SIA Engineering queried on jump in share price

SIA Engineering faced queries from the regulator yesterday after its shares shot up on the back of rumours that the firm would be bought out by majority shareholder Singapore Airlines (SIA).

The stock rose as much as 8.6 per cent during morning trade before a gradual drift back to close at $2.89, a rise of 6.25 per cent.

That spike followed an even greater increase on Thursday when the shares rocketed 8.4 per cent.

The Singapore Exchange (SGX) asked the firm early yesterday to explain the “unusual price and volume movements”.

SIA Engineering responded that it was not aware of any information which might explain the price surge over Thursday and Friday.

The sharp increase may indicate the possibility of privatisation by parent company SIA, said DBS analysts yesterday, before the SGX query was issued. SIA said it does not comment on market speculation.

  • 6.25% 

    The rise in SIA Engineering’s price when market closed yesterday. It rocketed 8.4 per cent on Thursday.

DBS analysts Paul Yong and Suvro Sarkar had called SIA Engineering’s volatility “uncharacteristically high” and possibly fuelled by renewed talk of privatisation.

“SIA Engineering’s stock price has performed poorly of late, and could thus provide a value-for-money privatisation target for SIA.”

It has fallen 20 per cent over the past year to $2.51, before the surge, in the wake of “uninspiring” quarterly results and lower dividend expectations, said the analysts. They added that the rationale for an SIA privatisation would be “pretty strong” given the stock’s low liquidity and the airline’s already hefty 78 per cent stake. Cash-rich SIA would not need to tap capital markets.

But the analysts said remaining separately listed from SIA would give SIA Engineering an “aura of independence” – an important factor in the aircraft maintenance, repair and operations sector it is in – because it has to bid for work from other airlines, which accounts for some 40 per cent of its revenue.

If the privatisation materialises, DBS is estimating a premium of around 10 to 30 per cent above the last closing price, translating to an offer of $2.75 to $3.26 a share.
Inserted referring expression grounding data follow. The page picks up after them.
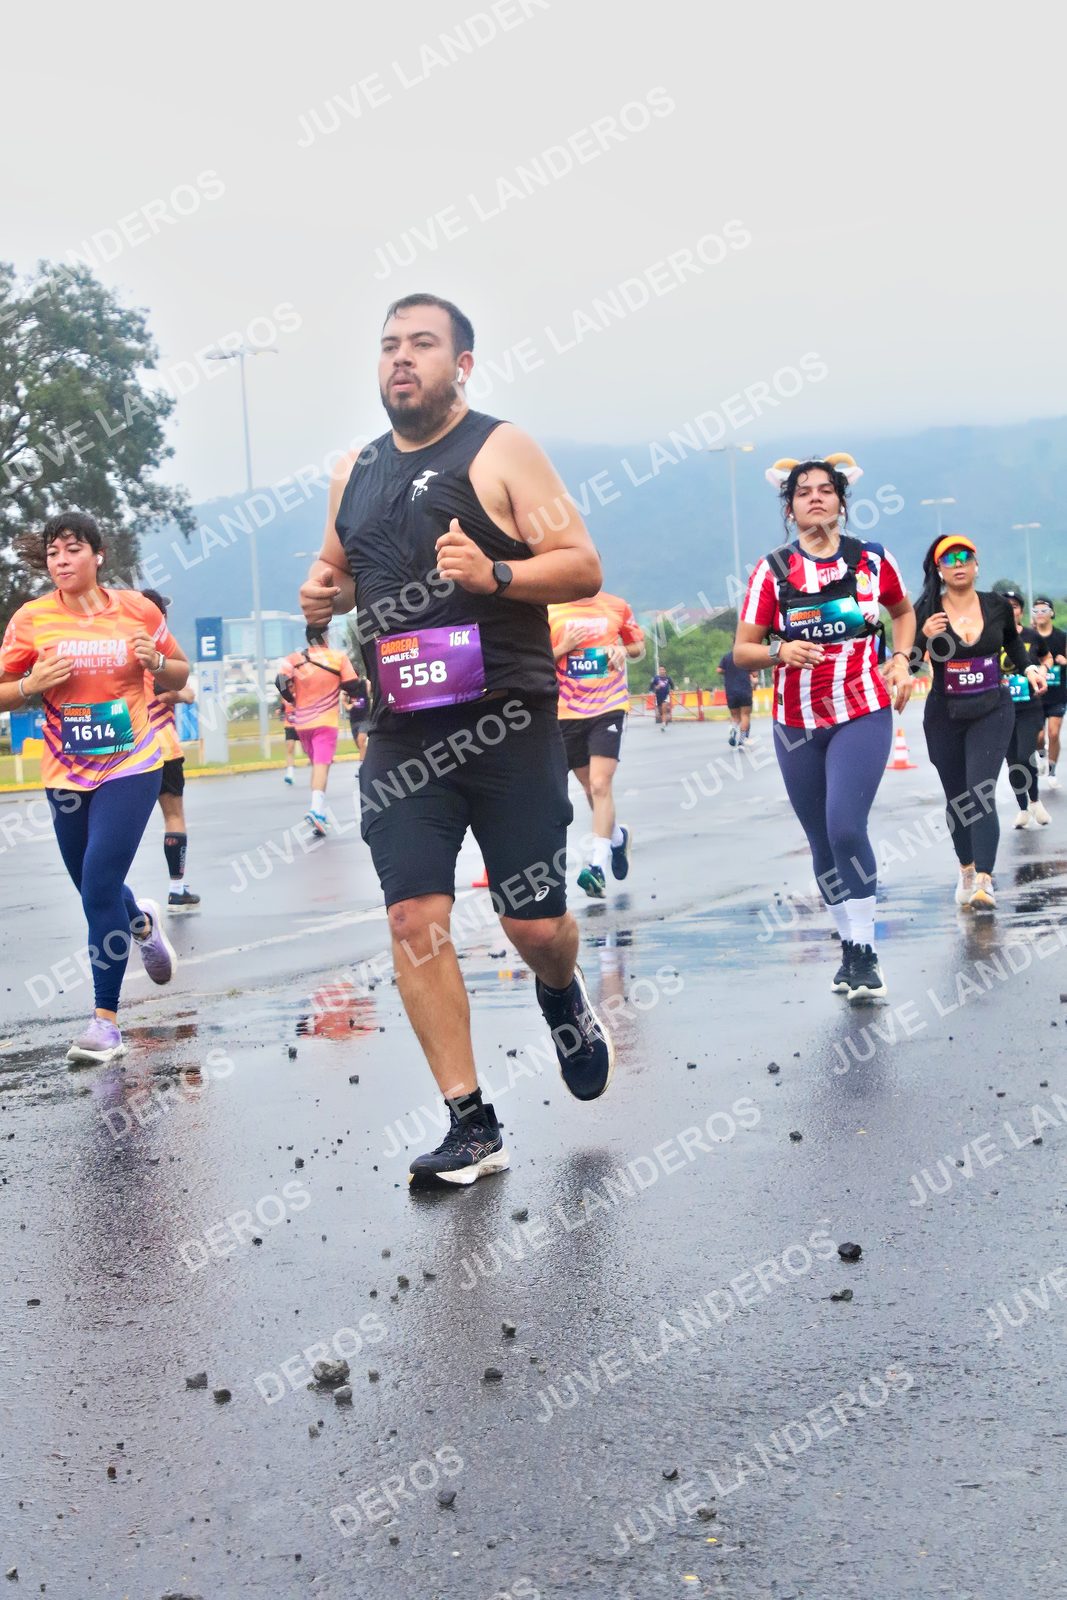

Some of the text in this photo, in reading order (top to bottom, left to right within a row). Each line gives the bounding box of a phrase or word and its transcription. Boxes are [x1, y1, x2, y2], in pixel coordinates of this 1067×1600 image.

[801, 621, 847, 639] 1430
[57, 639, 127, 657] CARRERA
[201, 635, 217, 657] E
[381, 637, 419, 656] CARRERA
[73, 656, 113, 669] MNILIFE
[571, 660, 598, 671] 1401
[399, 660, 448, 689] 558
[958, 672, 984, 685] 599
[71, 724, 116, 741] 1614
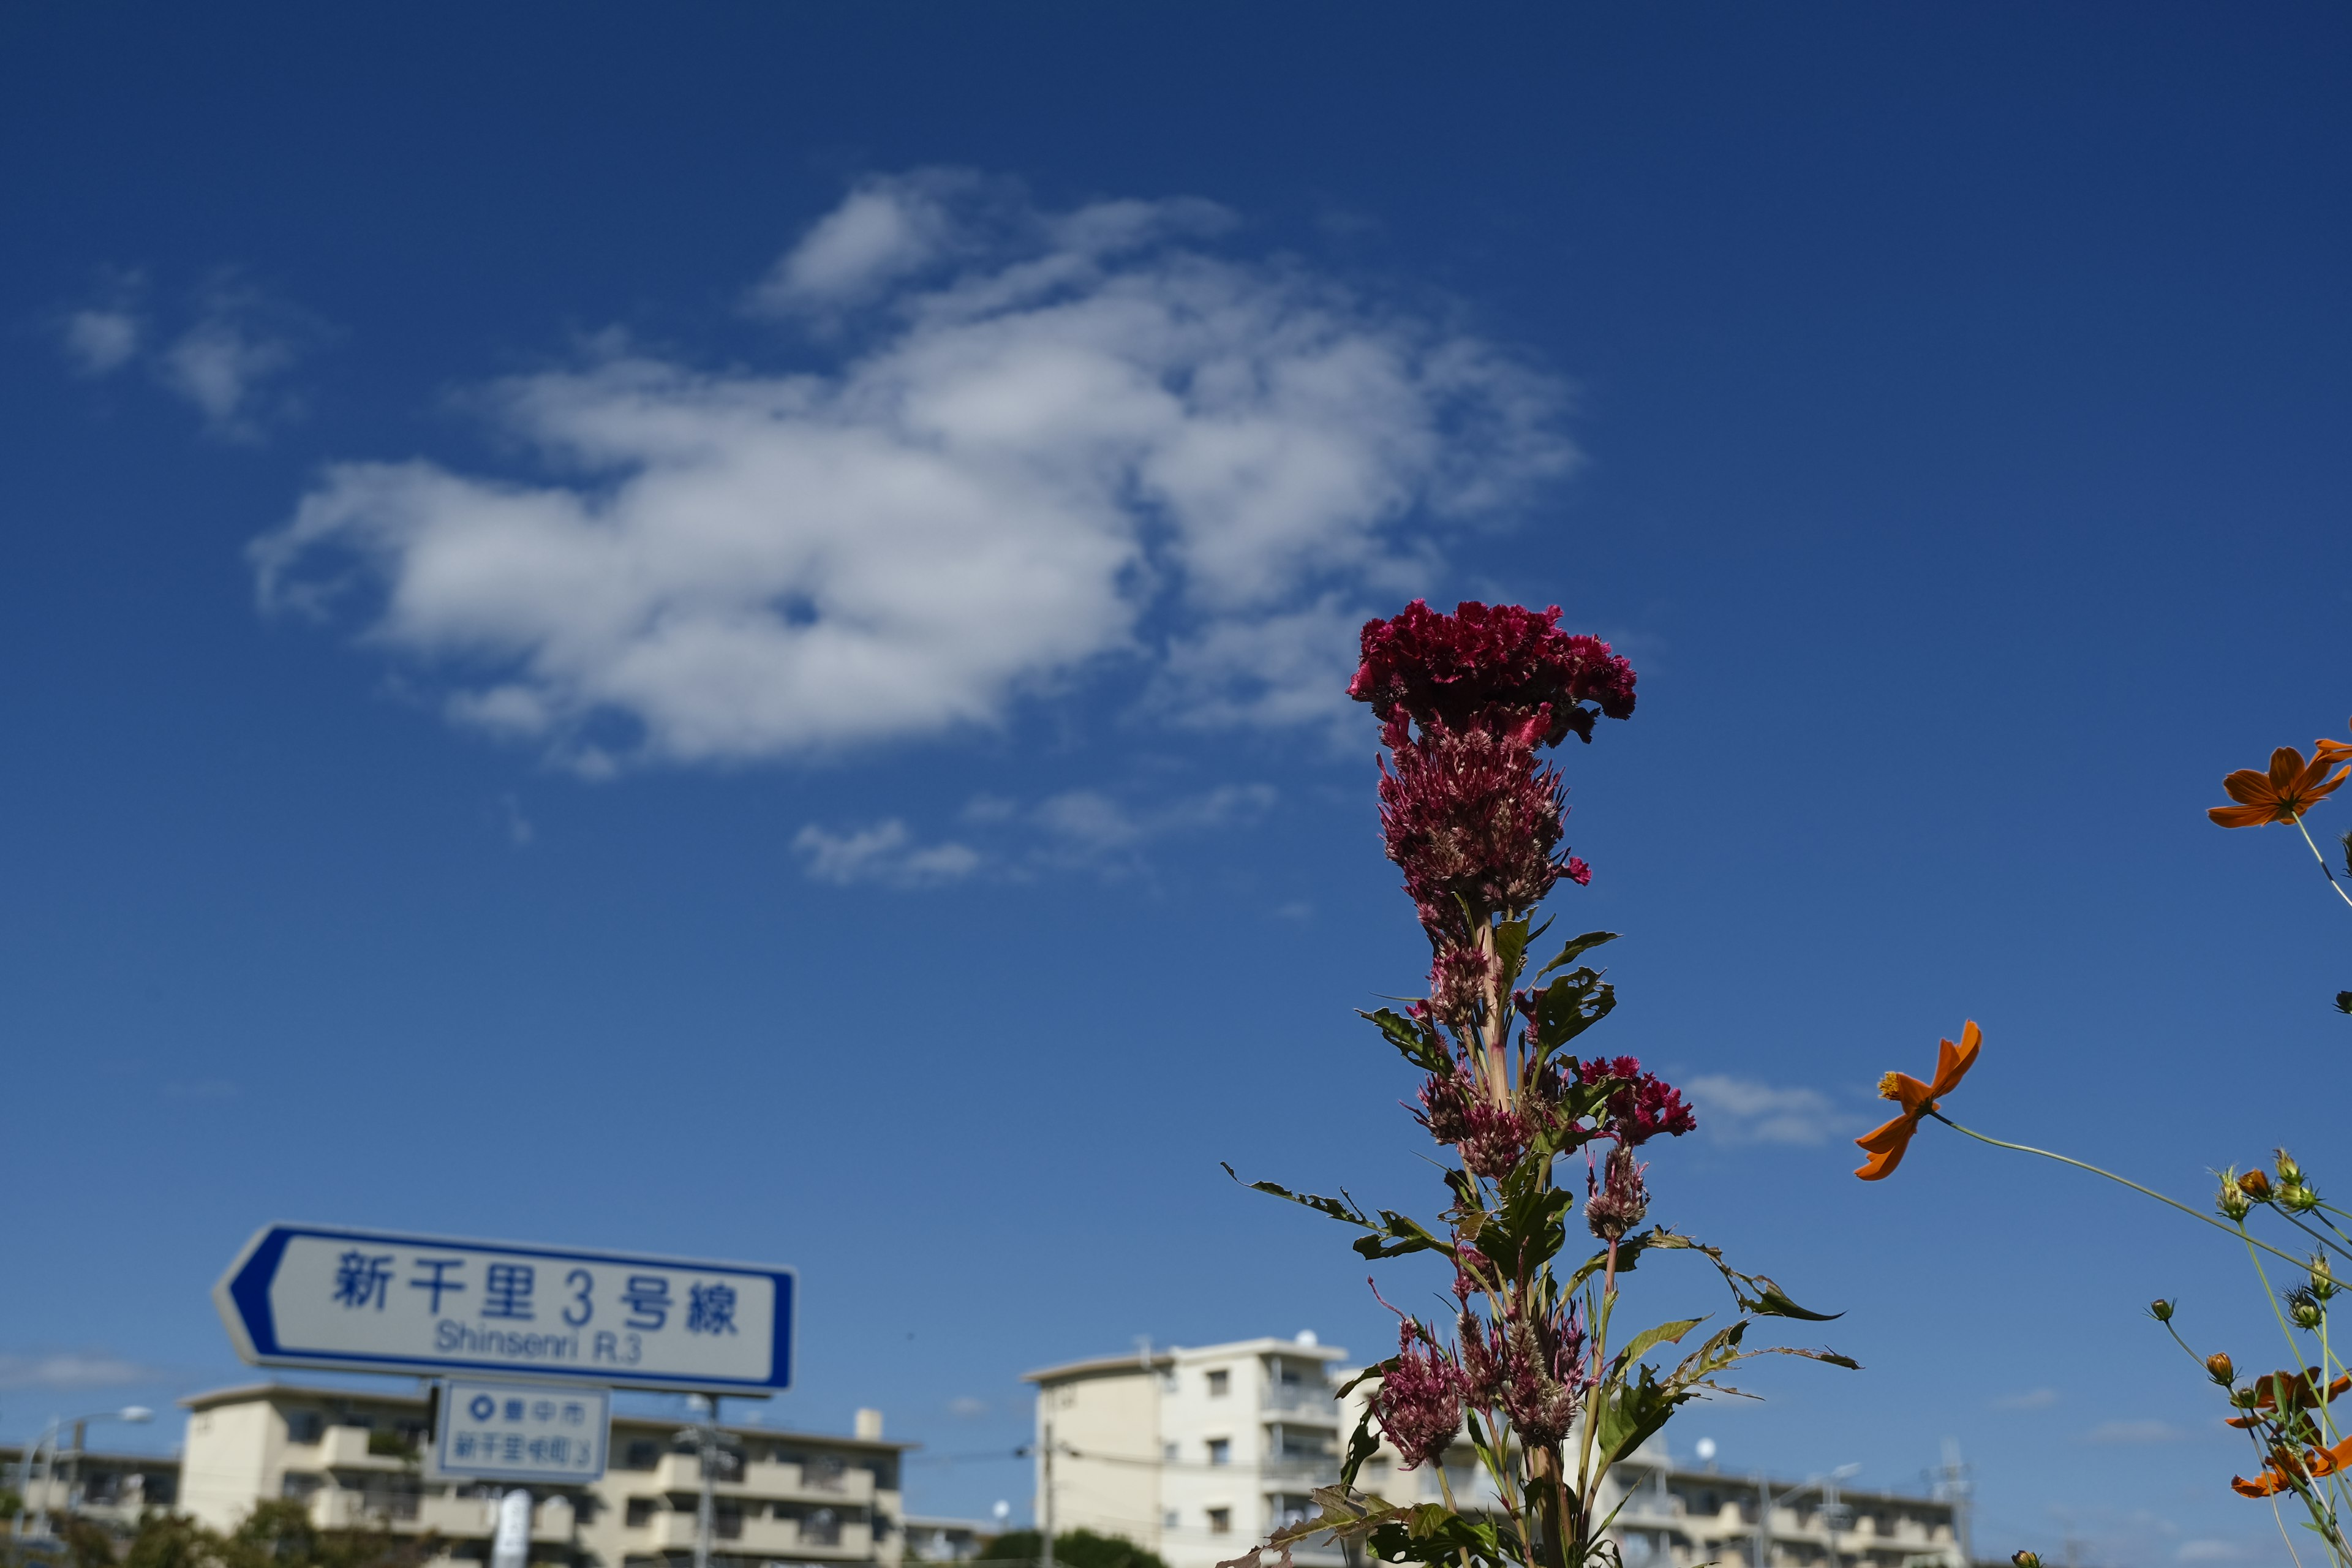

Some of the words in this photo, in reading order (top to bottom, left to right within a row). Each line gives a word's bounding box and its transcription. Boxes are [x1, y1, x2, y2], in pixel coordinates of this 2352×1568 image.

DBS has upgraded SIA Engineering to “buy” based on the privatisation premium, with a raised target price of $3.01. It noted that current valuations for the firm are at multi-year lows while the dividend yield is healthy at about 4.5 per cent. Risks are thus limited even if the privatisation does not materialise.

DBS said it would cost SIA $748 million to privatise SIA Engineering at $3.01 a share for the 22 per cent stake it does not already own.